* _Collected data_

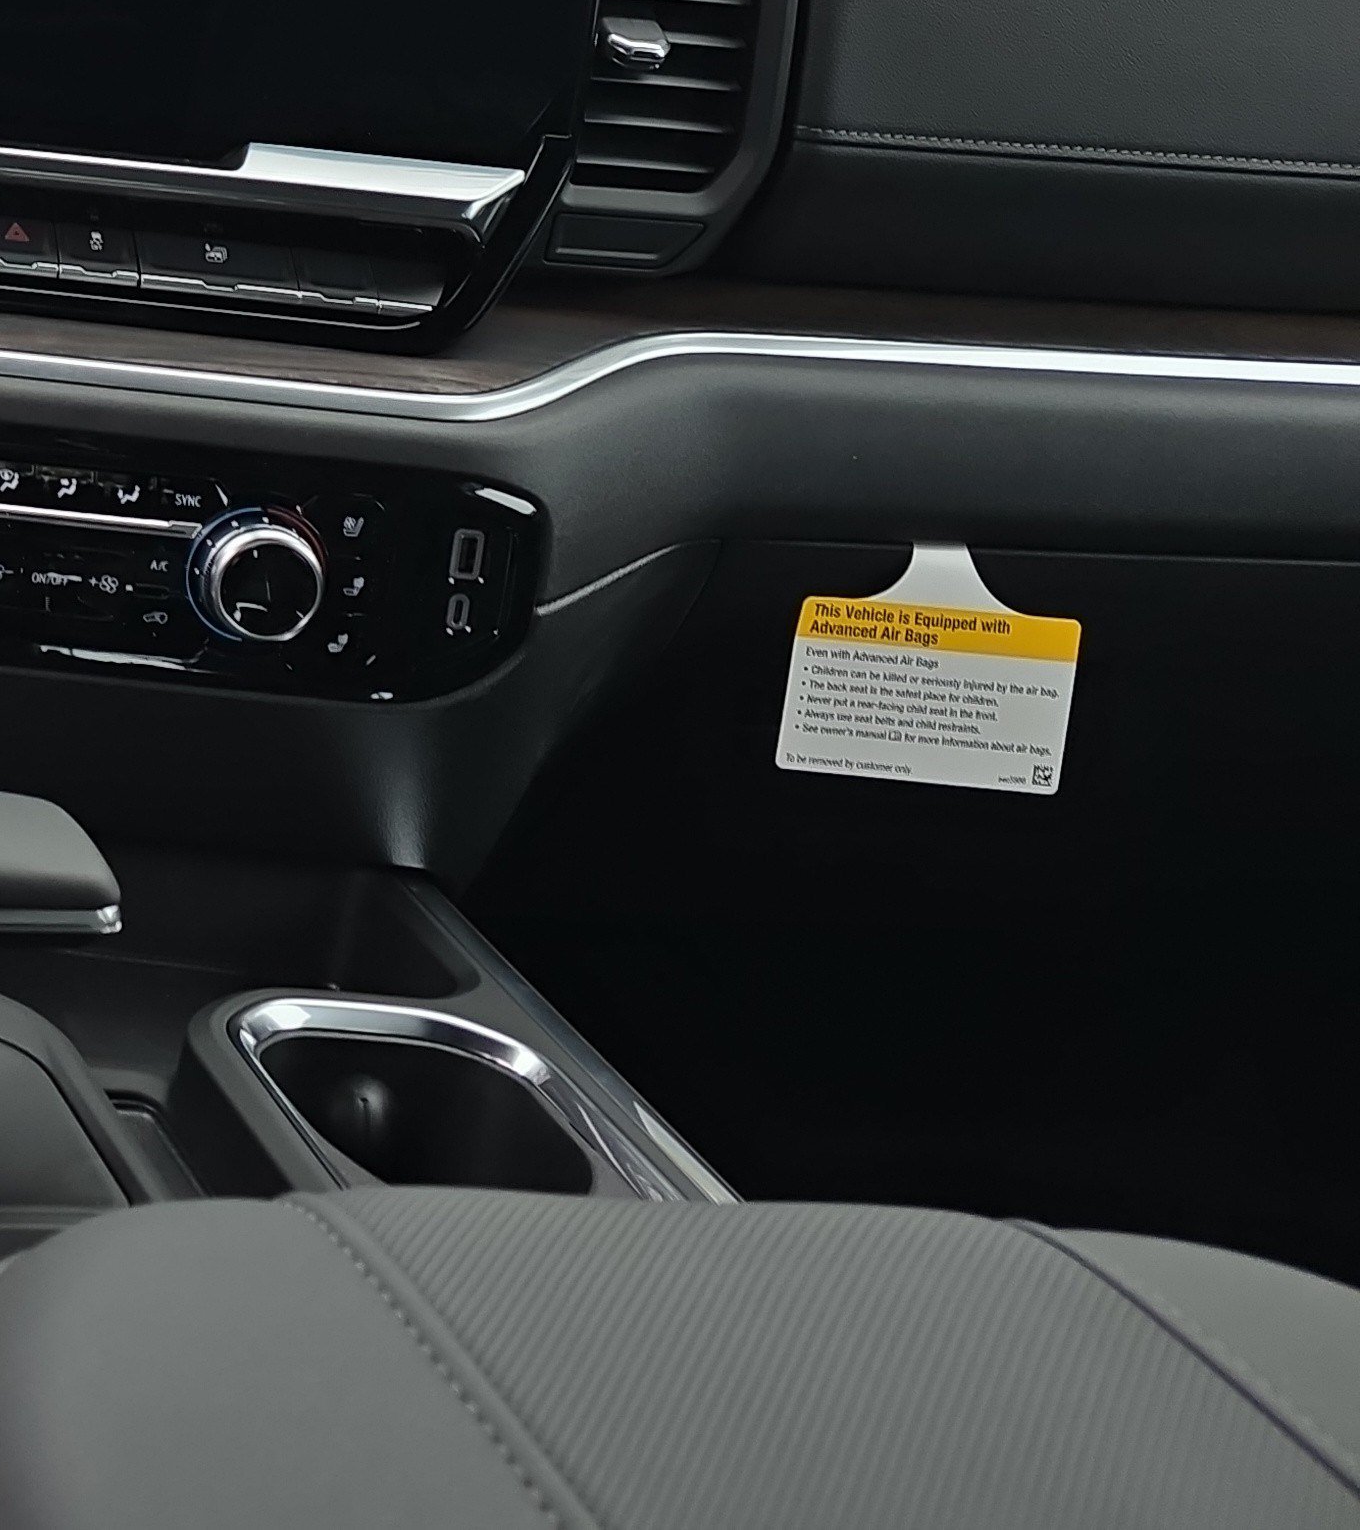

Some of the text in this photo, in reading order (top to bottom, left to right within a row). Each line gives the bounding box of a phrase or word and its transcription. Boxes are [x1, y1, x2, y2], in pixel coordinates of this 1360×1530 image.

[174, 493, 202, 508] SYNC
[150, 560, 169, 572] A/C
[815, 603, 1010, 634] This Vehicle is Equipped with
[810, 620, 938, 647] Advanced Air Bags
[806, 646, 939, 670] Even with Advanced Air Bags
[810, 679, 825, 689] The
[827, 681, 846, 691] back
[849, 684, 868, 694] seat
[870, 685, 877, 695] is
[880, 686, 893, 697] the
[895, 687, 921, 699] safest
[923, 690, 946, 702] place
[948, 692, 960, 703] for
[811, 665, 848, 678] Children
[851, 671, 866, 679] can
[869, 670, 880, 681] be
[883, 671, 907, 683] killed
[909, 676, 919, 685] or
[921, 676, 961, 689] seriously
[963, 678, 994, 691] injured
[996, 681, 1007, 694] by
[1010, 682, 1024, 695] the
[1026, 685, 1038, 696] air
[807, 694, 831, 705] Never
[833, 697, 848, 708] put
[857, 699, 905, 714] rear-facing
[906, 704, 928, 714] child
[929, 707, 948, 717] seat
[949, 707, 958, 718] in
[960, 708, 973, 719] the
[804, 709, 834, 721] Always
[837, 713, 852, 721] use
[854, 713, 873, 723] seat
[875, 715, 895, 725] belts
[898, 718, 913, 728] and
[915, 719, 936, 730] child
[802, 722, 818, 734] See
[855, 729, 887, 740] manual
[904, 732, 916, 743] for
[918, 735, 939, 745] more
[942, 735, 989, 750] information
[990, 741, 1015, 753] about
[1016, 743, 1028, 753] air
[786, 752, 795, 763] To
[797, 754, 807, 764] be
[808, 757, 843, 767] removed
[845, 759, 854, 770] by
[856, 761, 893, 773] customer

* _Task brief_
An exact transcription of the data above is needed, without the pictures.

* _Answer space_
Some of the text in this photo, in reading order (top to bottom, left to right within a row). Each line gives the bounding box of a phrase or word and its transcription. Boxes are [x1, y1, x2, y2], in pixel coordinates of this 1360×1530 image.

[174, 493, 202, 508] SYNC
[150, 560, 169, 572] A/C
[815, 603, 1010, 634] This Vehicle is Equipped with
[810, 620, 938, 647] Advanced Air Bags
[806, 646, 939, 670] Even with Advanced Air Bags
[810, 679, 825, 689] The
[827, 681, 846, 691] back
[849, 684, 868, 694] seat
[870, 685, 877, 695] is
[880, 686, 893, 697] the
[895, 687, 921, 699] safest
[923, 690, 946, 702] place
[948, 692, 960, 703] for
[811, 665, 848, 678] Children
[851, 671, 866, 679] can
[869, 670, 880, 681] be
[883, 671, 907, 683] killed
[909, 676, 919, 685] or
[921, 676, 961, 689] seriously
[963, 678, 994, 691] injured
[996, 681, 1007, 694] by
[1010, 682, 1024, 695] the
[1026, 685, 1038, 696] air
[807, 694, 831, 705] Never
[833, 697, 848, 708] put
[857, 699, 905, 714] rear-facing
[906, 704, 928, 714] child
[929, 707, 948, 717] seat
[949, 707, 958, 718] in
[960, 708, 973, 719] the
[804, 709, 834, 721] Always
[837, 713, 852, 721] use
[854, 713, 873, 723] seat
[875, 715, 895, 725] belts
[898, 718, 913, 728] and
[915, 719, 936, 730] child
[802, 722, 818, 734] See
[855, 729, 887, 740] manual
[904, 732, 916, 743] for
[918, 735, 939, 745] more
[942, 735, 989, 750] information
[990, 741, 1015, 753] about
[1016, 743, 1028, 753] air
[786, 752, 795, 763] To
[797, 754, 807, 764] be
[808, 757, 843, 767] removed
[845, 759, 854, 770] by
[856, 761, 893, 773] customer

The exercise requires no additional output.